## What to produce
I would like the entries transcribed word for word, please, with the pictures removed.

## Available records
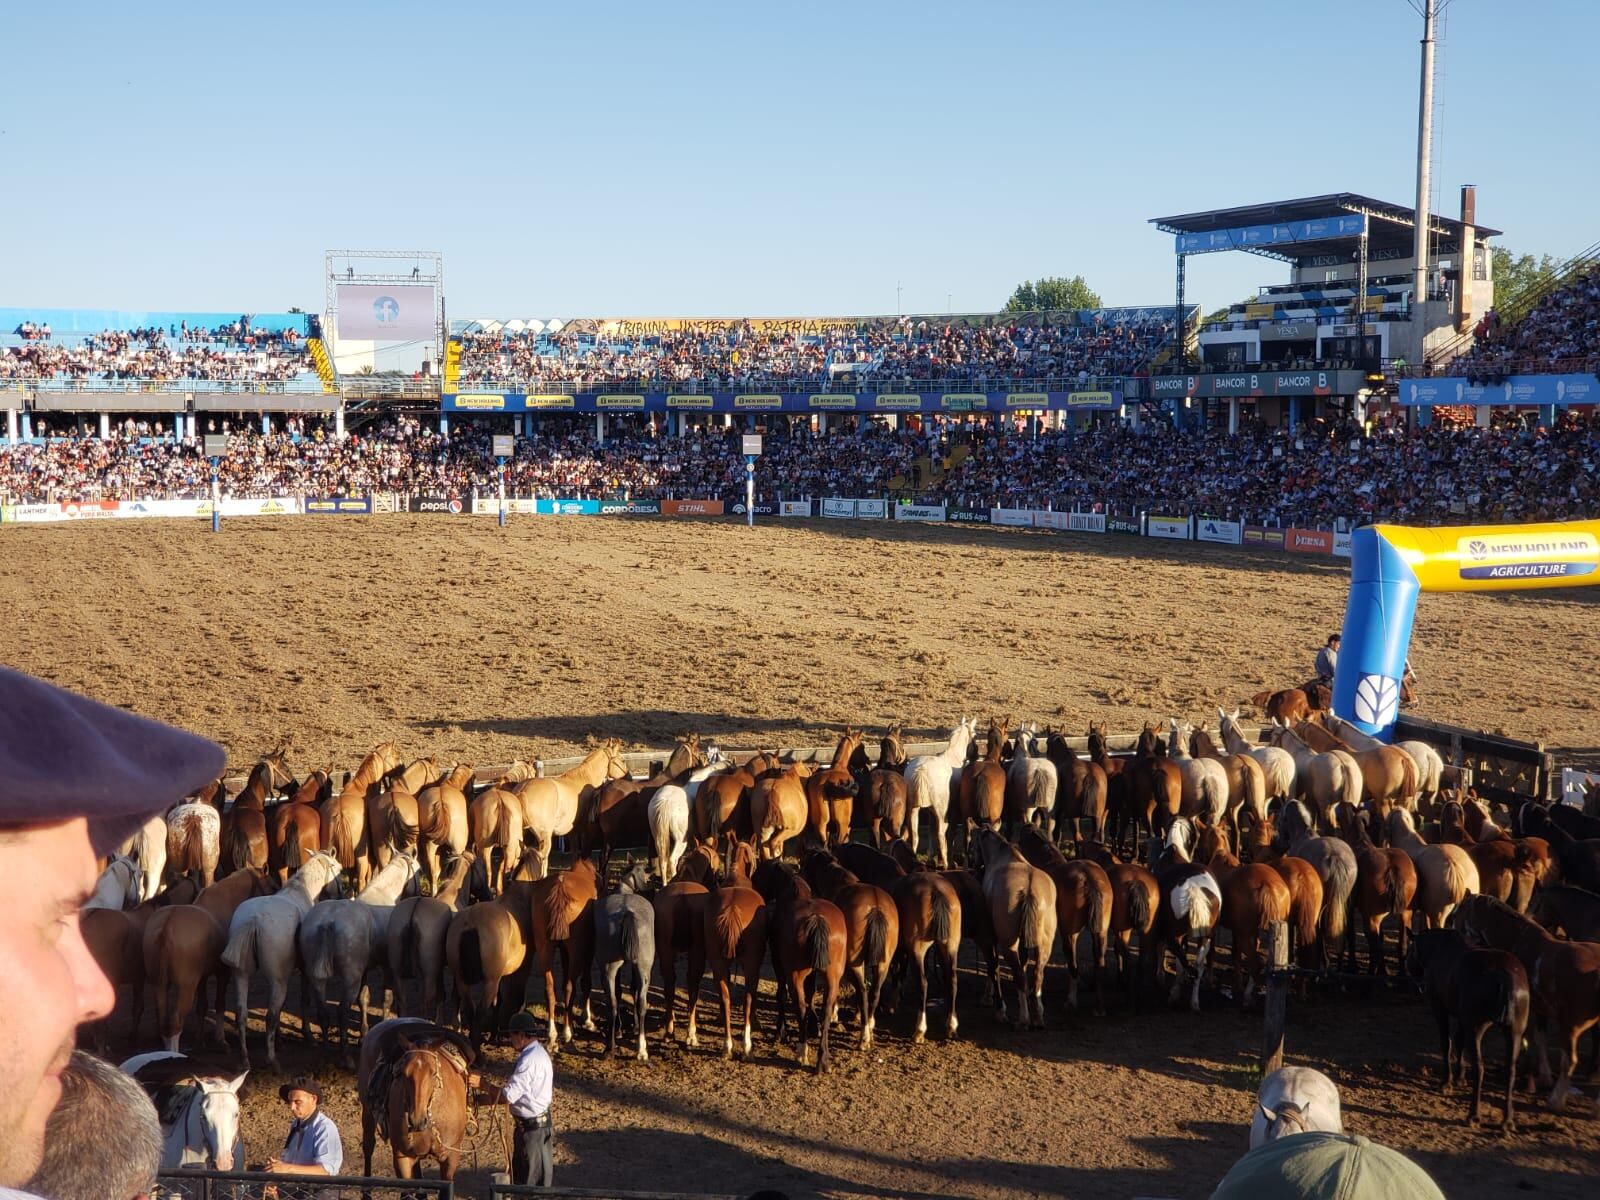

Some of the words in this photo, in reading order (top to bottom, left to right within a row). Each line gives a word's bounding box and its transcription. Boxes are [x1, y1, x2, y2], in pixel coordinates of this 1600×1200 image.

[1312, 255, 1338, 266] YESCA
[762, 319, 819, 336] PATRIA
[1277, 326, 1300, 335] YESCA
[1155, 379, 1183, 390] BANCOR
[1216, 377, 1246, 388] BANCOR
[1278, 376, 1311, 387] BANCOR
[420, 501, 448, 512] pepsi
[602, 505, 658, 513] CORDOBESA
[959, 511, 972, 520] RUS
[974, 513, 988, 521] Agro
[1116, 521, 1127, 529] RUS
[1491, 543, 1522, 556] NEW
[1526, 541, 1589, 555] HOLLAND
[1490, 564, 1566, 577] AGRICULTURE

## Response
Some of the words in this photo, in reading order (top to bottom, left to right within a row). Each line gives a word's bounding box and its transcription. Boxes are [x1, y1, x2, y2], in pixel coordinates of this 1600×1200 image.

[1312, 255, 1338, 266] YESCA
[762, 319, 819, 336] PATRIA
[1277, 326, 1300, 335] YESCA
[1155, 379, 1183, 390] BANCOR
[1216, 377, 1246, 388] BANCOR
[1278, 376, 1311, 387] BANCOR
[420, 501, 448, 512] pepsi
[602, 505, 658, 513] CORDOBESA
[959, 511, 972, 520] RUS
[974, 513, 988, 521] Agro
[1116, 521, 1127, 529] RUS
[1491, 543, 1522, 556] NEW
[1526, 541, 1589, 555] HOLLAND
[1490, 564, 1566, 577] AGRICULTURE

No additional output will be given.